▶ YOUR GOAL: All of the records below should be output exactly.

[Collected data]
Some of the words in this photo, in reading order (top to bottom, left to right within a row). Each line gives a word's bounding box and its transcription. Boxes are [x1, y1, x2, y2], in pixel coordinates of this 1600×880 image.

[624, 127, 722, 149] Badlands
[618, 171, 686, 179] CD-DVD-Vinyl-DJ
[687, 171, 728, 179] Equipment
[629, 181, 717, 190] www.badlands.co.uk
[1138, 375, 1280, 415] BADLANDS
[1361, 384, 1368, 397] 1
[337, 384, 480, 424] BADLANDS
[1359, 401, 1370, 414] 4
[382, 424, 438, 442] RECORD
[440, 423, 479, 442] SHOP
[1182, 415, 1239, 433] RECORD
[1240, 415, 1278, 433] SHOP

▶ RESPONSE BOX:
Some of the words in this photo, in reading order (top to bottom, left to right within a row). Each line gives a word's bounding box and its transcription. Boxes are [x1, y1, x2, y2], in pixel coordinates of this 1600×880 image.

[624, 127, 722, 149] Badlands
[618, 171, 686, 179] CD-DVD-Vinyl-DJ
[687, 171, 728, 179] Equipment
[629, 181, 717, 190] www.badlands.co.uk
[1138, 375, 1280, 415] BADLANDS
[1361, 384, 1368, 397] 1
[337, 384, 480, 424] BADLANDS
[1359, 401, 1370, 414] 4
[382, 424, 438, 442] RECORD
[440, 423, 479, 442] SHOP
[1182, 415, 1239, 433] RECORD
[1240, 415, 1278, 433] SHOP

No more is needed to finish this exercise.